Effect of losartan and benazepril on mesenteric arteries in spontaneously hypertension rats

Abstract

The aim of this study is to investigate the effect of losartan, benazepril on vasomotion function of mesenteric arteries in spontaneously hypertensive rats. 16 wks male SHR were treated for 16 weeks with losartan (10 mg · kg−1 · d−1), benazepril (10 mg · kg−1 · d−1) and the combination of these two agents (10 mg · kg−1 · d−1 losartan, 10 mg · kg−1 · d−1 benazepril), respectively. Sex- and age-matched SHR and WKY served as controls. Vascular reactivity to vasoactive substances was studied with isolated rings of mesenteric arteries from rats. SHR was characterized by a decreased endothelium-dependent relaxation in response to ACh. Both concomitant and alone treatment of losartan, benazeptil increased the relaxation sensitivity to ACh. Effect of concomitant treatment on relaxation sensitivity to ACh was similar to that in losartan group, and was more significant than benazepril alone (pD2: SHR-L: 7.28 ± 0.26, SHR-BL: 7.48 ± 0.70 VS SHR-B: 6.32 ± 0.62 P < 0.05). ACh also caused remarked endothelium-dependent contraction in SHR mesenteric arteries compared with WKY, which was augmented by inhibitors of NO-syntheses L-NAME. At the present of L-NAME, ACh-induced endothelium-dependent contraction was similarly inhibited by the three therapies (Cmax: SHR-BL: 2.00 ± 0.49, SHR-B: 2.42 ± 1.64, SHR-L: 2.67 ± 1.94 VS SHR-C: 6.18 ± 1.12 P < 0.05).
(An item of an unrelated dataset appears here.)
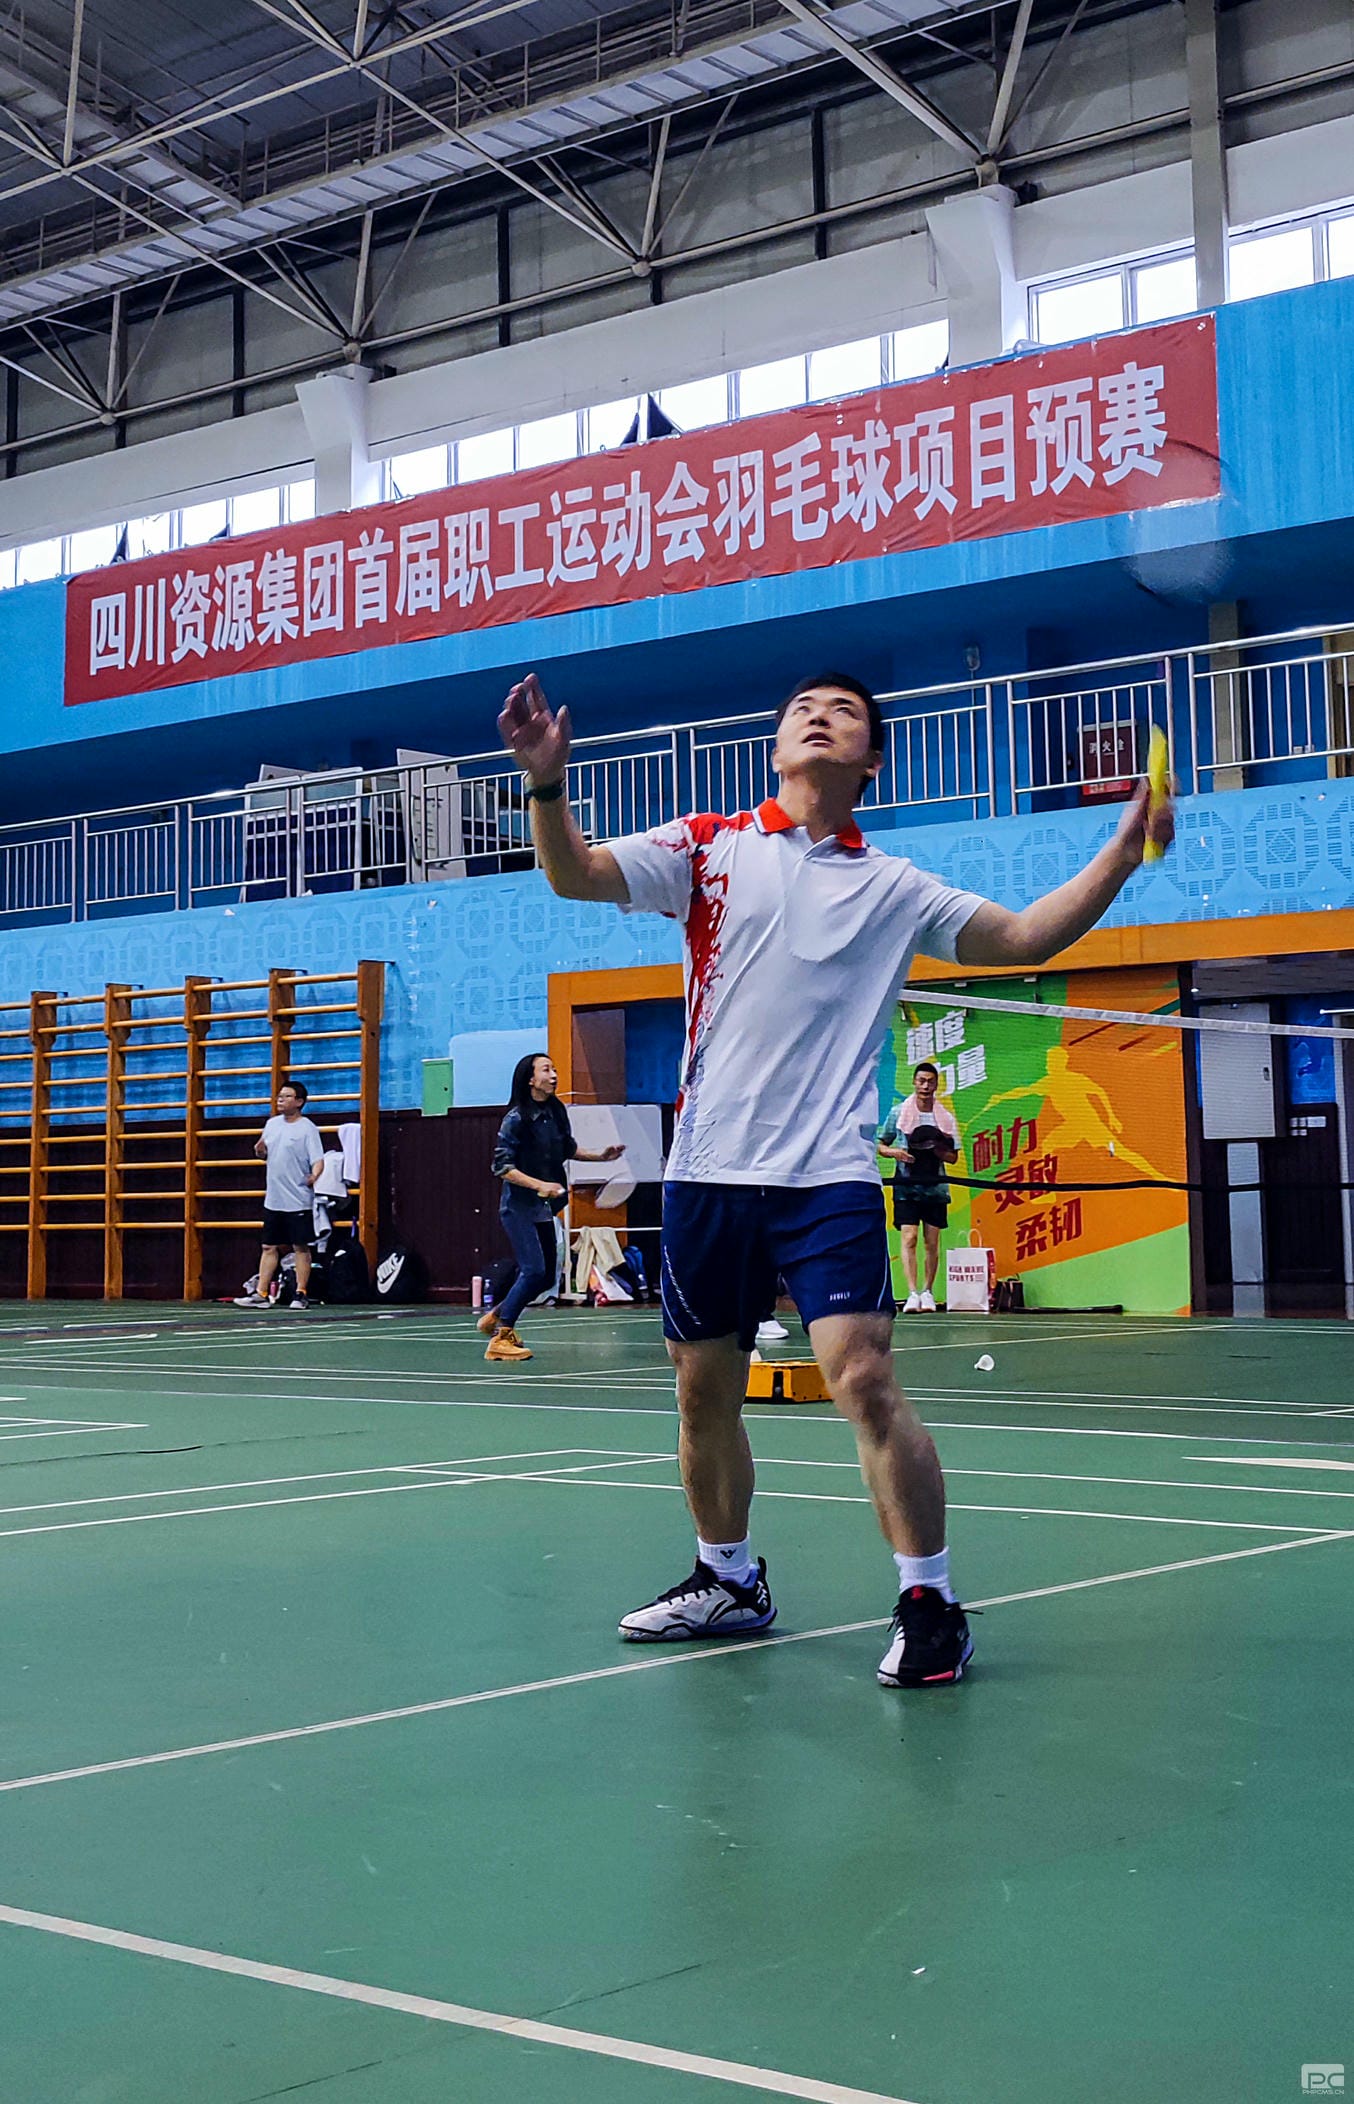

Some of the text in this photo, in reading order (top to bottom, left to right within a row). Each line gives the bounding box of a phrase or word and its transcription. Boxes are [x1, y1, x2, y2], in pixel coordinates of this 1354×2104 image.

[89, 361, 1168, 676] 四川资源集团首届职工运动会羽毛球项目预赛
[972, 1117, 1038, 1173] 耐力
[994, 1153, 1058, 1213] 灵敏
[1016, 1197, 1082, 1261] 柔韧
SNP-induced endothelium-independent relaxation was impaired, which was completely normalized by the treatment of either losartan, benazepril or their concomitant. These results indicate that the treatment of losartan and benazepril had effects on meliorated the endothelial dysfunction in mesenteric arteries rings from SHR. The effect of concomittant treatment is more effective or equivalent to the treatment of each alone.